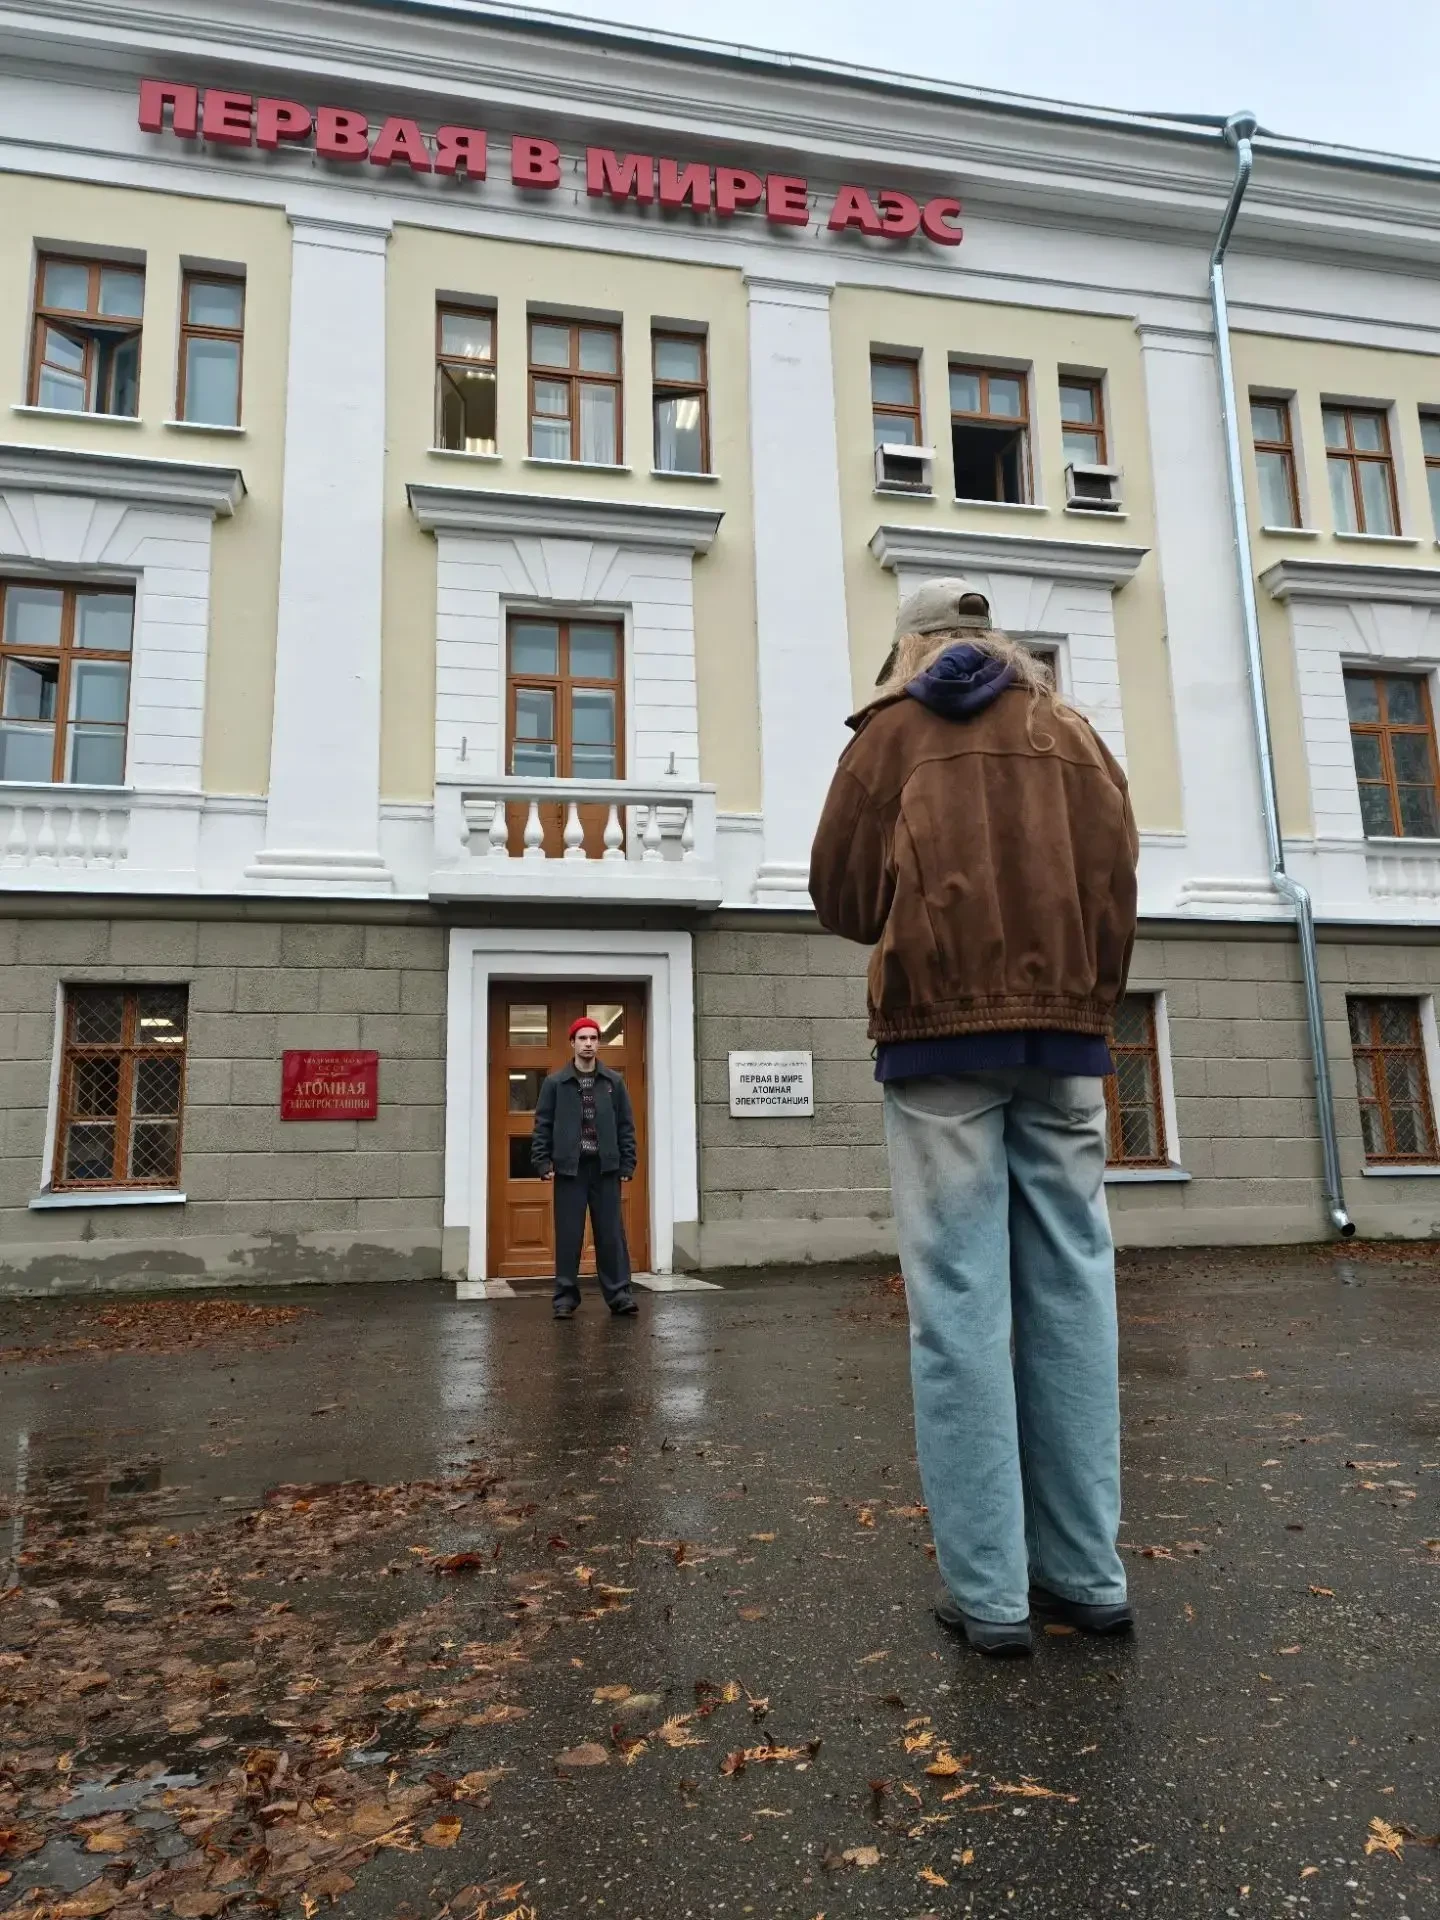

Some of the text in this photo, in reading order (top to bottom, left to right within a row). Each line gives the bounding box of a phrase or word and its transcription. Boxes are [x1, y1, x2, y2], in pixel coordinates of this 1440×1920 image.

[138, 78, 963, 247] ПЕРВАЯ В МИРЕ АЭС
[740, 1075, 804, 1083] ПЕРВАЯ В МИРЕ
[294, 1081, 366, 1096] АТОМНАЯ
[752, 1086, 792, 1094] АТОМНАЯ
[289, 1099, 370, 1110] ЭЛЕКТРОСТАНЦИЯ
[735, 1097, 809, 1106] ЭЛЕКТРОСТАНЦИЯ

+--

INSTRUCTIONS FOR THE TASK
Working from the material above, transcribe it exactly while omitting pictures.

EXERCISE OUTPUT
Some of the text in this photo, in reading order (top to bottom, left to right within a row). Each line gives the bounding box of a phrase or word and its transcription. Boxes are [x1, y1, x2, y2], in pixel coordinates of this 1440×1920 image.

[138, 78, 963, 247] ПЕРВАЯ В МИРЕ АЭС
[740, 1075, 804, 1083] ПЕРВАЯ В МИРЕ
[294, 1081, 366, 1096] АТОМНАЯ
[752, 1086, 792, 1094] АТОМНАЯ
[289, 1099, 370, 1110] ЭЛЕКТРОСТАНЦИЯ
[735, 1097, 809, 1106] ЭЛЕКТРОСТАНЦИЯ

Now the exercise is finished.